→ **Exercise requirements**
Print the whole listing again exactly, keeping no pictures in it.

Start of Data for processing

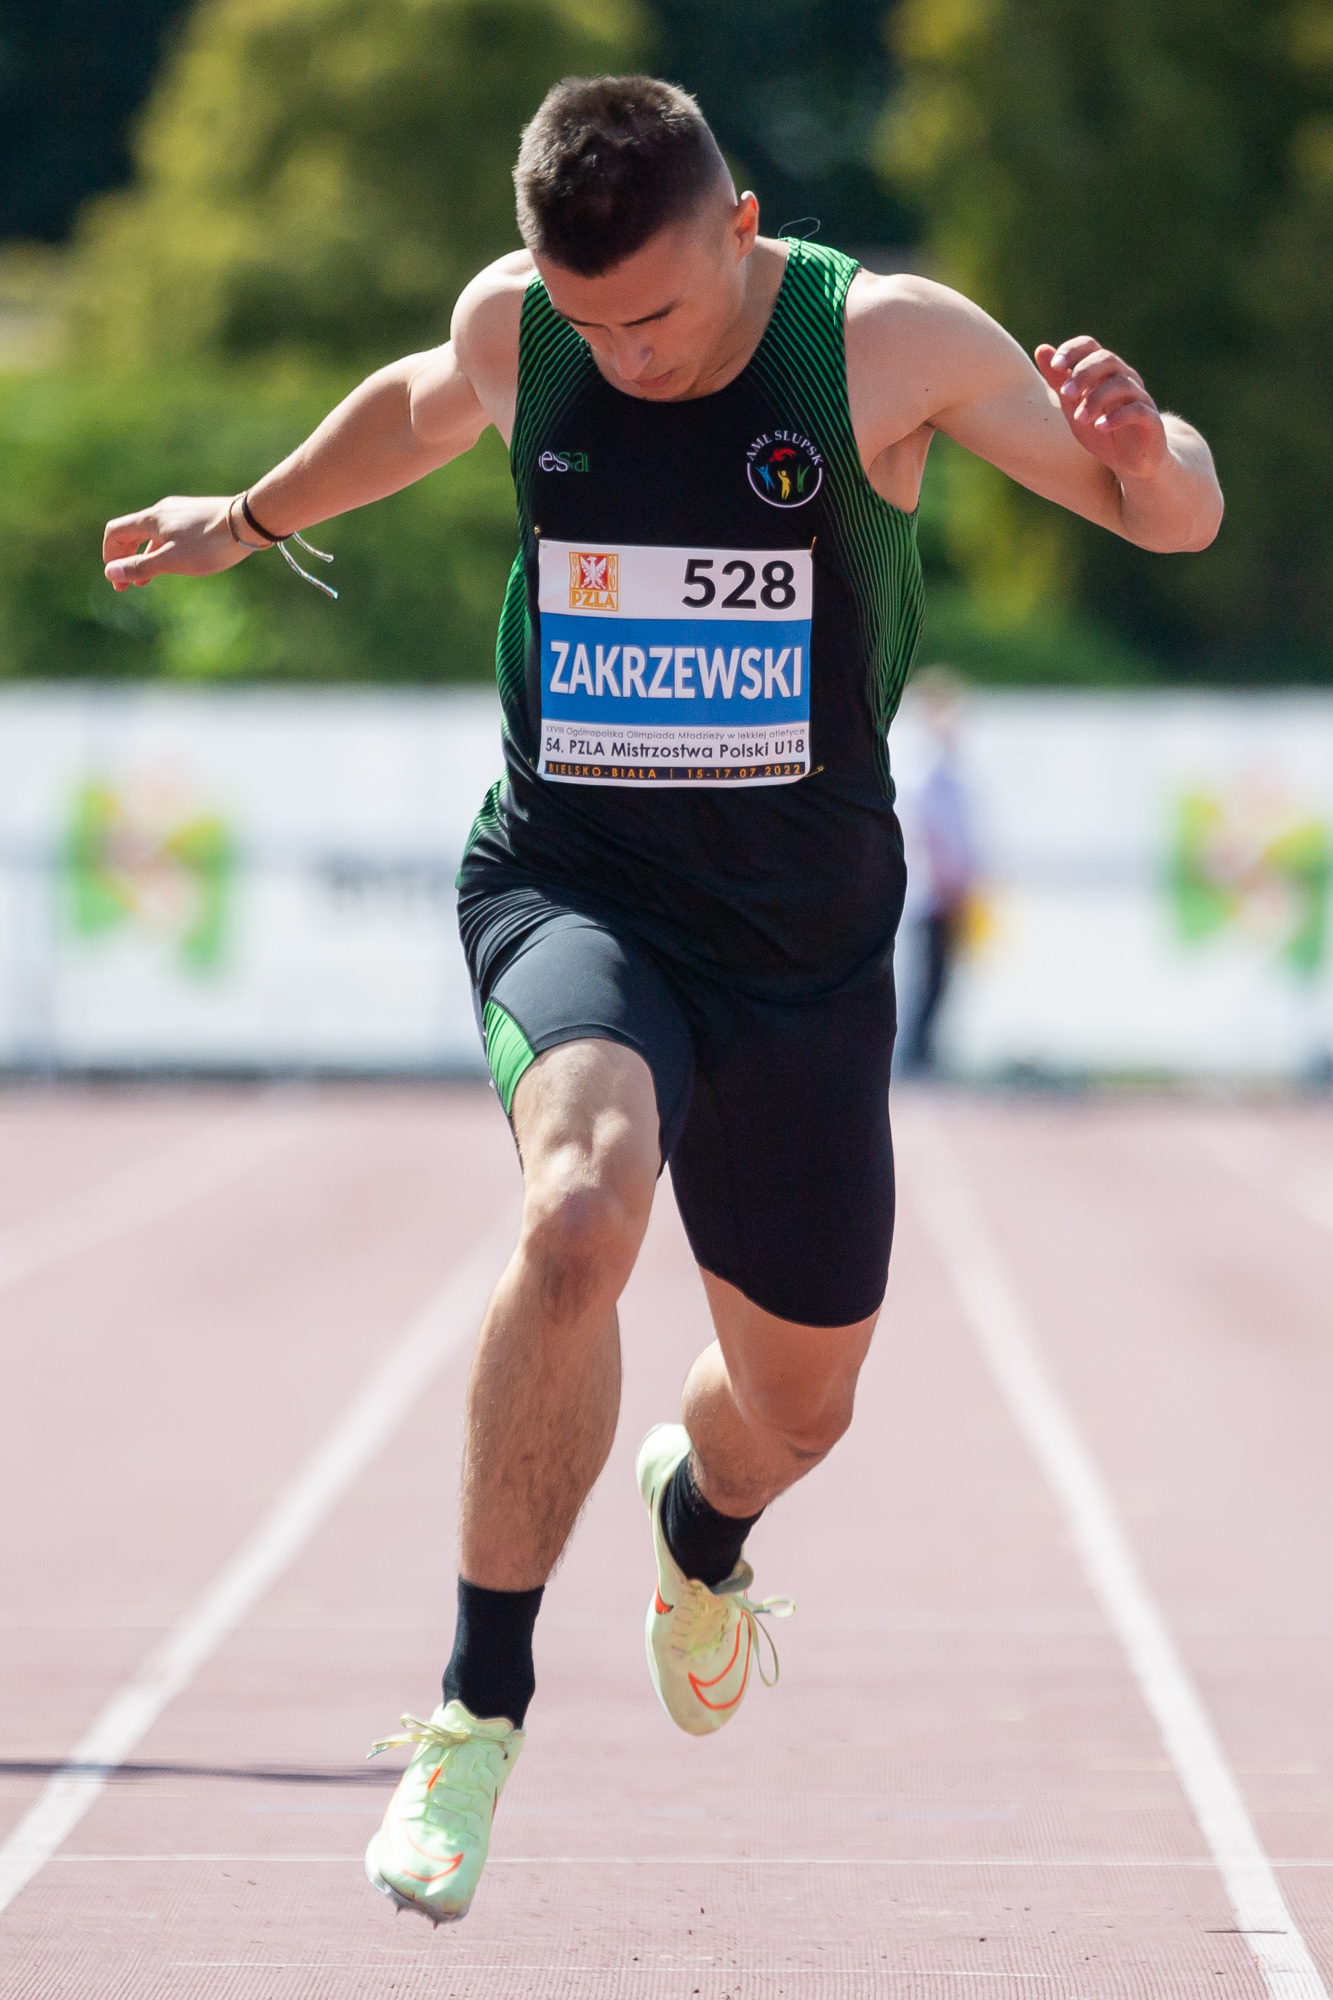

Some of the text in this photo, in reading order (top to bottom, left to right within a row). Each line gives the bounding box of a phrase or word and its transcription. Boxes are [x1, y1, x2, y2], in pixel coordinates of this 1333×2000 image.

[746, 434, 773, 462] AML
[681, 558, 797, 610] 528
[571, 590, 615, 609] PZLA
[549, 640, 802, 700] ZAKRZEWSKI
[566, 726, 624, 739] Ogólnopolska
[626, 730, 675, 740] Olimpiada
[678, 731, 725, 741] Młodzieży
[769, 728, 806, 739] atletyce
[545, 737, 805, 759] 54. PZLA Mistrzostwa Polski U18
[548, 762, 800, 779] BIELSKO-BIAŁA 15-17.07.2022

End of Data for processing

→ **Your response**
Some of the text in this photo, in reading order (top to bottom, left to right within a row). Each line gives the bounding box of a phrase or word and its transcription. Boxes are [x1, y1, x2, y2], in pixel coordinates of this 1333×2000 image.

[746, 434, 773, 462] AML
[681, 558, 797, 610] 528
[571, 590, 615, 609] PZLA
[549, 640, 802, 700] ZAKRZEWSKI
[566, 726, 624, 739] Ogólnopolska
[626, 730, 675, 740] Olimpiada
[678, 731, 725, 741] Młodzieży
[769, 728, 806, 739] atletyce
[545, 737, 805, 759] 54. PZLA Mistrzostwa Polski U18
[548, 762, 800, 779] BIELSKO-BIAŁA 15-17.07.2022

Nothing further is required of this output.